**EXERCISE BRIEF**
Images do not belong in the copy. Retype all the entries below exactly.

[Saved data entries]
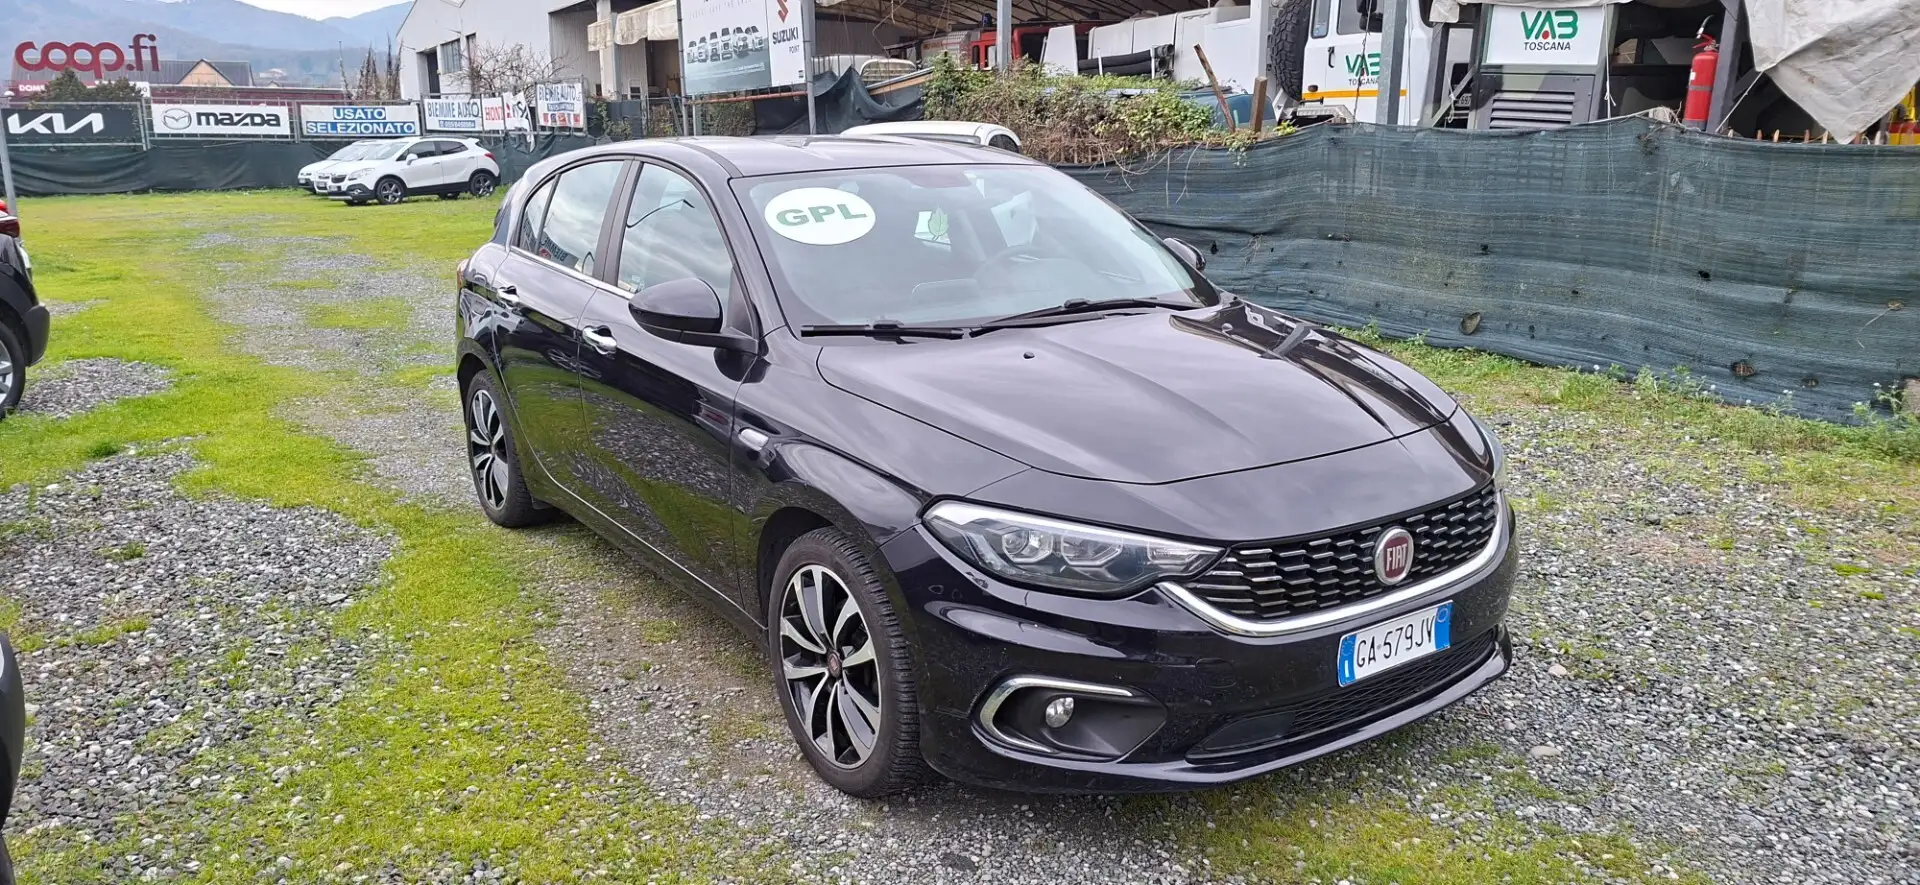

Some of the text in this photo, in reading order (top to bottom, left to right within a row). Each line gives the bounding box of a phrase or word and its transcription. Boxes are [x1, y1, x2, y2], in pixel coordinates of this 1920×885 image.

[1521, 10, 1578, 40] VAB
[772, 27, 799, 45] SUZUKI
[789, 45, 800, 54] POINT
[1524, 42, 1571, 51] TOSCANA
[15, 33, 160, 79] coop.fi
[333, 107, 386, 120] USATO
[457, 102, 480, 118] AUTO
[306, 122, 415, 133] SELEZIONATO
[776, 203, 868, 227] GPL
[1386, 543, 1408, 572] FIAT
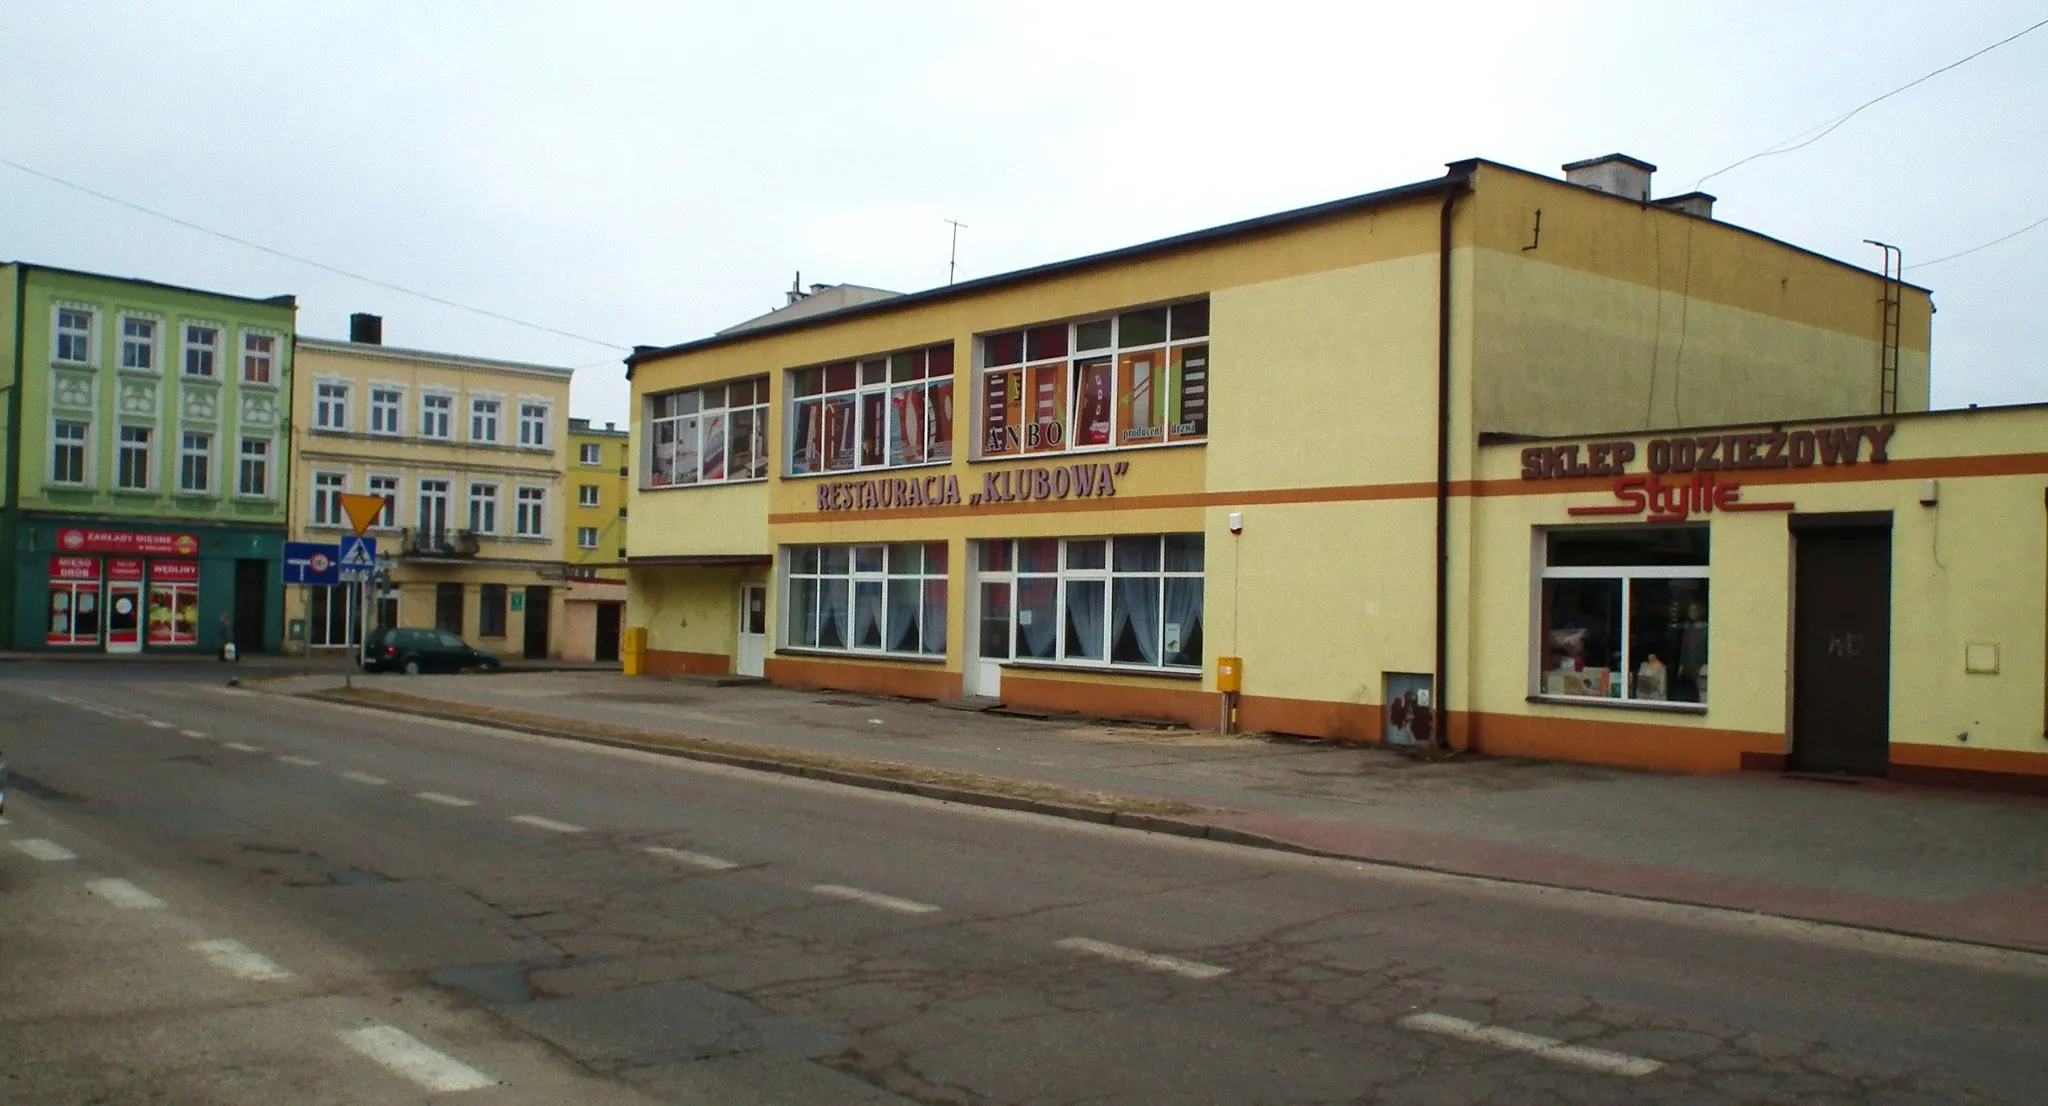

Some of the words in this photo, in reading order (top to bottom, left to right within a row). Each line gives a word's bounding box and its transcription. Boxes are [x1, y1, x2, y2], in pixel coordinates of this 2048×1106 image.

[986, 421, 1063, 451] ANBO
[1123, 425, 1164, 440] producent
[1170, 420, 1196, 435] drzwi
[1521, 441, 1635, 480] SKLEP
[1647, 423, 1895, 475] ODZIEŻOWY
[816, 475, 961, 511] RESTAURACJA
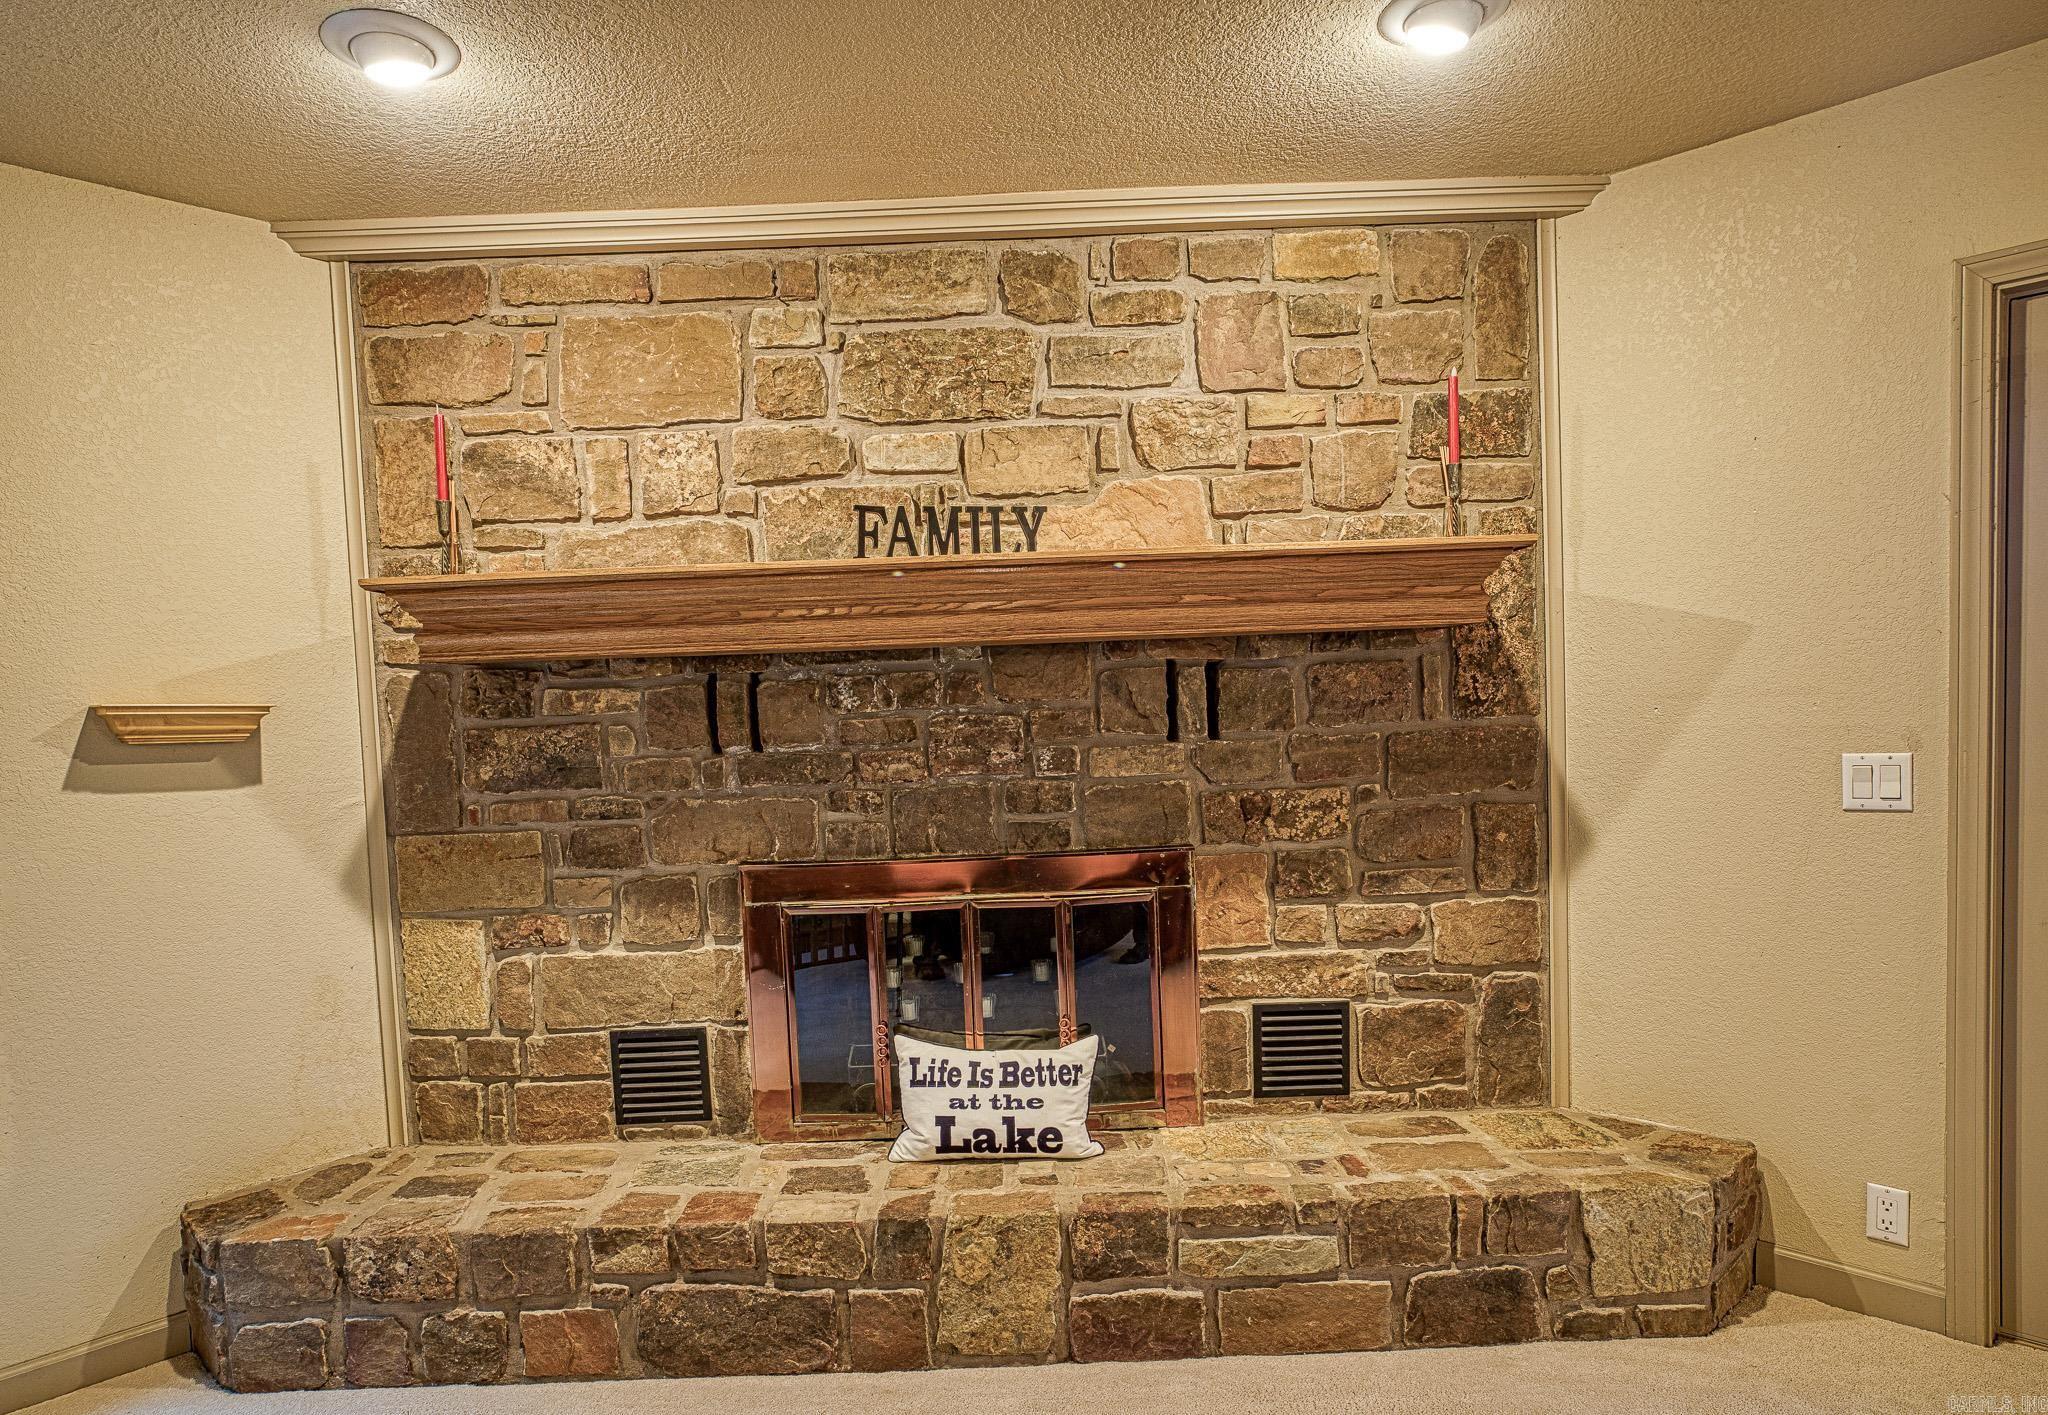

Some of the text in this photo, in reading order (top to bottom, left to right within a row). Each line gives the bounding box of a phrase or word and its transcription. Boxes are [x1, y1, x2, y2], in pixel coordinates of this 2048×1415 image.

[853, 504, 1048, 559] FAMILY
[908, 1056, 1083, 1089] Life Is Better
[948, 1093, 1045, 1110] at the
[935, 1115, 1064, 1154] Lake

**THE ANSWER**
Some of the text in this photo, in reading order (top to bottom, left to right within a row). Each line gives the bounding box of a phrase or word and its transcription. Boxes are [x1, y1, x2, y2], in pixel coordinates of this 1920×885 image.

[1521, 10, 1578, 40] VAB
[772, 27, 799, 45] SUZUKI
[789, 45, 800, 54] POINT
[1524, 42, 1571, 51] TOSCANA
[15, 33, 160, 79] coop.fi
[333, 107, 386, 120] USATO
[457, 102, 480, 118] AUTO
[306, 122, 415, 133] SELEZIONATO
[776, 203, 868, 227] GPL
[1386, 543, 1408, 572] FIAT

Some of the words in this photo, in reading order (top to bottom, left to right within a row). Each line gives a word's bounding box and its transcription. Boxes are [x1, y1, x2, y2], in pixel coordinates of this 2048×1106 image.

[986, 421, 1063, 451] ANBO
[1123, 425, 1164, 440] producent
[1170, 420, 1196, 435] drzwi
[1521, 441, 1635, 480] SKLEP
[1647, 423, 1895, 475] ODZIEŻOWY
[816, 475, 961, 511] RESTAURACJA

Some of the text in this photo, in reading order (top to bottom, left to right within a row). Each line gives the bounding box of a phrase or word and its transcription. Boxes are [x1, y1, x2, y2], in pixel coordinates of this 2048×1415 image.

[853, 504, 1048, 559] FAMILY
[908, 1056, 1083, 1089] Life Is Better
[948, 1093, 1045, 1110] at the
[935, 1115, 1064, 1154] Lake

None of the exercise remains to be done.